Dennoch wiesen alle in dieser Studie berücksichtigten Pferde zum Zeitpunkt der Erstuntersuchung typische Symptome einer akuten Entzündung auf (Wärme, Druckdolenz, Schwellung, Lahmheit). Sie entstehen auf Grund der nach Sehnenfaser- und Kapillarzerreißung folgenden intratendinösen Blutung, Exsudation und Ödembildung (WEBBON 1973; SMITH et al. 2003), die zur Kompression des umliegenden zunächst noch intakten Gewebes führen (MCCULLAGH et al. 1979).

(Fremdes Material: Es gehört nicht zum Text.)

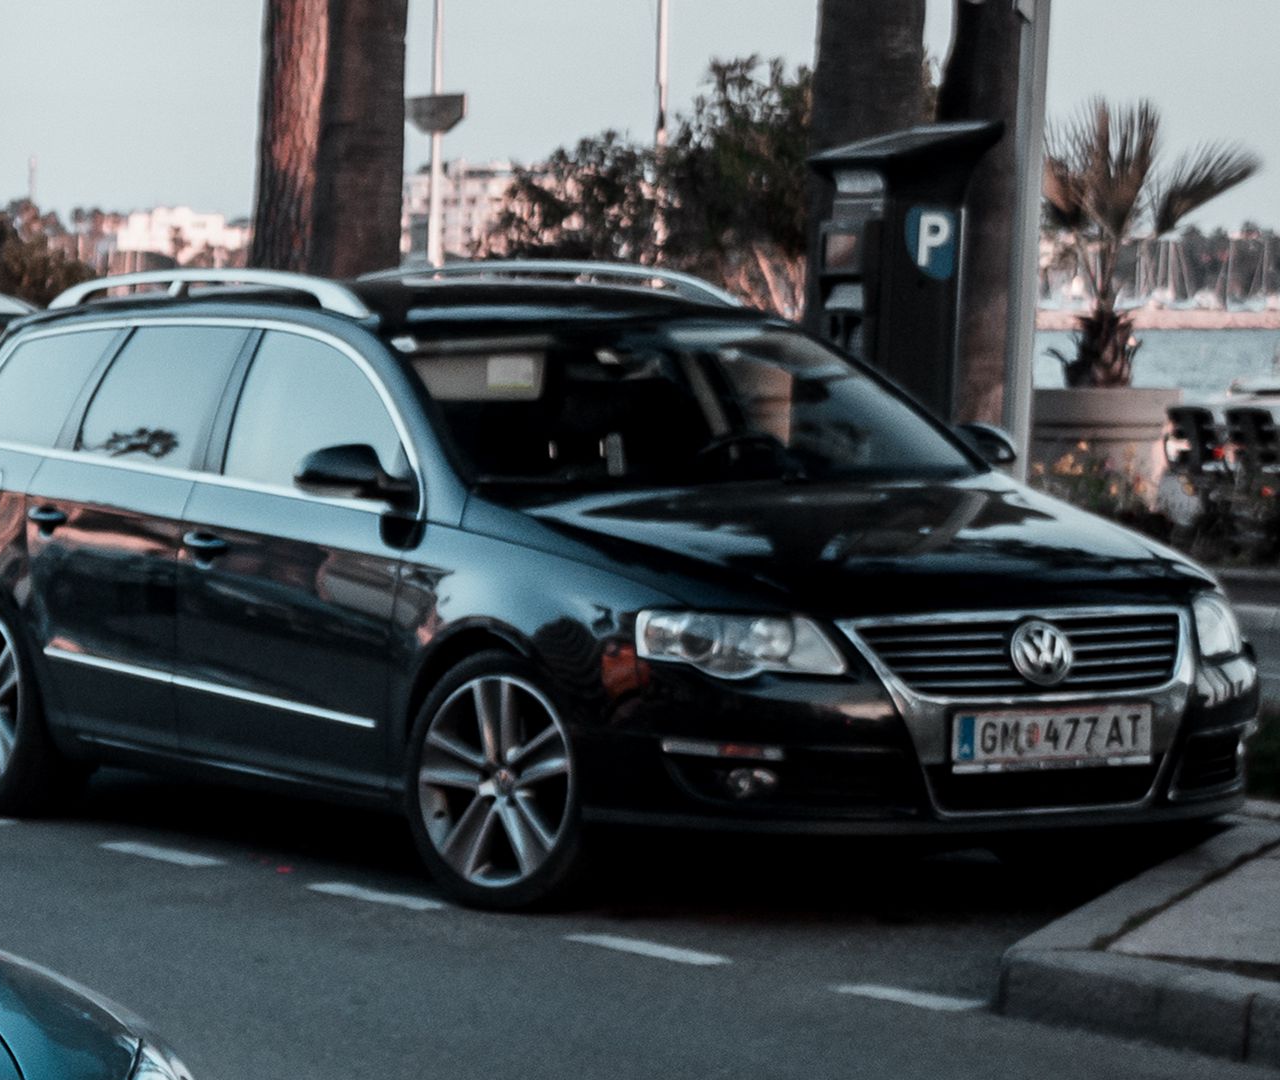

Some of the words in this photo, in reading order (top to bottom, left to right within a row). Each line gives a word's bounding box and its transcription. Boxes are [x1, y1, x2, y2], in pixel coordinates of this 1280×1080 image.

[918, 213, 949, 266] P
[981, 721, 1021, 754] GM
[1044, 717, 1099, 750] 477
[1105, 714, 1142, 747] AT
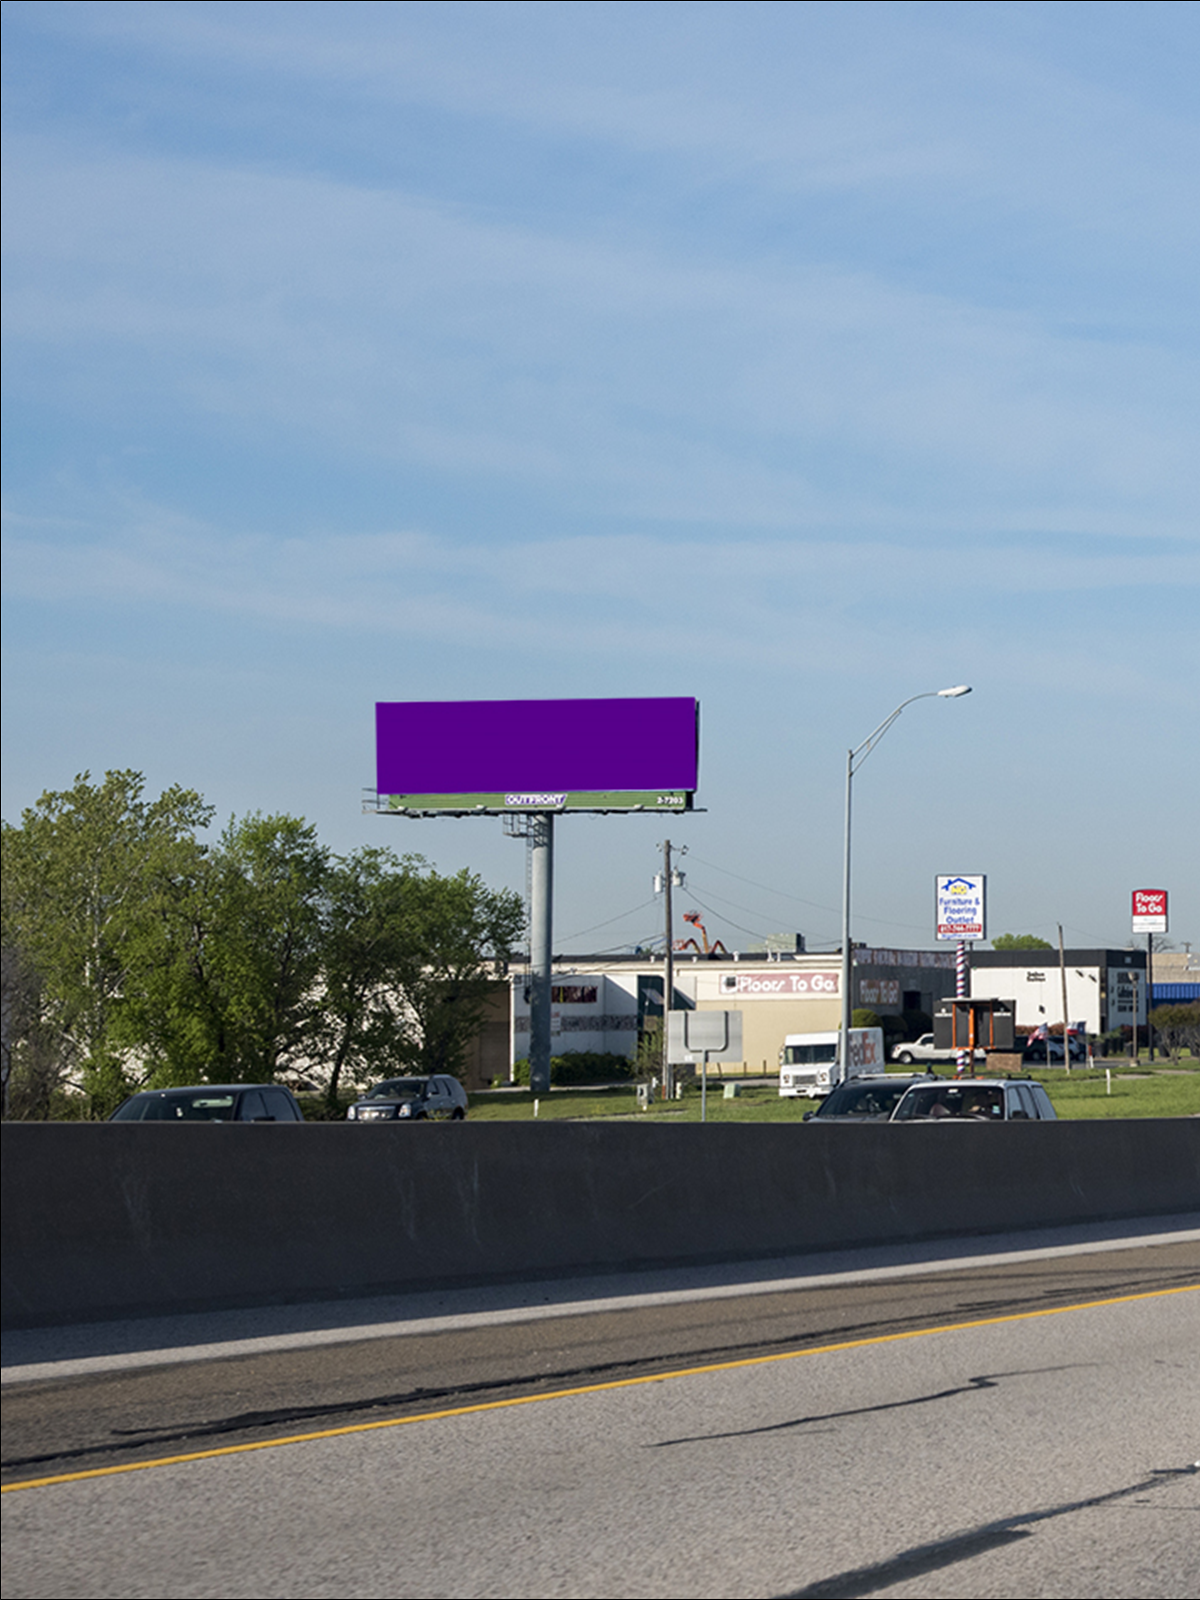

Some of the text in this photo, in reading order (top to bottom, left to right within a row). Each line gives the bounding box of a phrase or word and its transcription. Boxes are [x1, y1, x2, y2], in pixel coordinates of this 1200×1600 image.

Der überwiegend geringe Lahmheitsgrad der untersuchten Pferde deckt sich mit den Angaben aus der Literatur (STRÖMBERG u. TUFVESSON 1969; PICK 1986). Auf diagnostische Anästhesien zur Lokalisation der Lahmheit wurde in dieser Studie verzichtet, da die übrigen klinischen Befunde (Adspektion, Palpation) eindeutig waren (HERTSCH 2009). Eine andere Ursache als eine Tendopathie ist nur theoretisch denkbar und hätte mit diagnostischen Anästhesien eventuell ausgeschlossen werden können. Diagnostische Anästhesien bergen die Gefahr einer Verschlechterung der Tendopathie da es bei positivem Ausfall der Anästhesie zu einer vollen Belastung der erkrankten Gliedmaße kommt. Auf Grund des sehr charakteristischen klinschen Erscheinungsbildes wird auch unter Praxisbedingungen zumeist auf diagnostische Betäubungen verzichtet. Bei den beiden Pferden mit bilateralen Sehnenschäden wurde keine (F6264/10) bzw. eine unilaterale (F2489/09) Lahmheit festgestellt. Es ist nicht auszuschließen, dass diese beiden Pferde eine beidseitige bzw. eine zusätzliche kontralaterale Lahmheit zeigten, die nur durch diagnostische Anästhesien hätten festgestellt werden können.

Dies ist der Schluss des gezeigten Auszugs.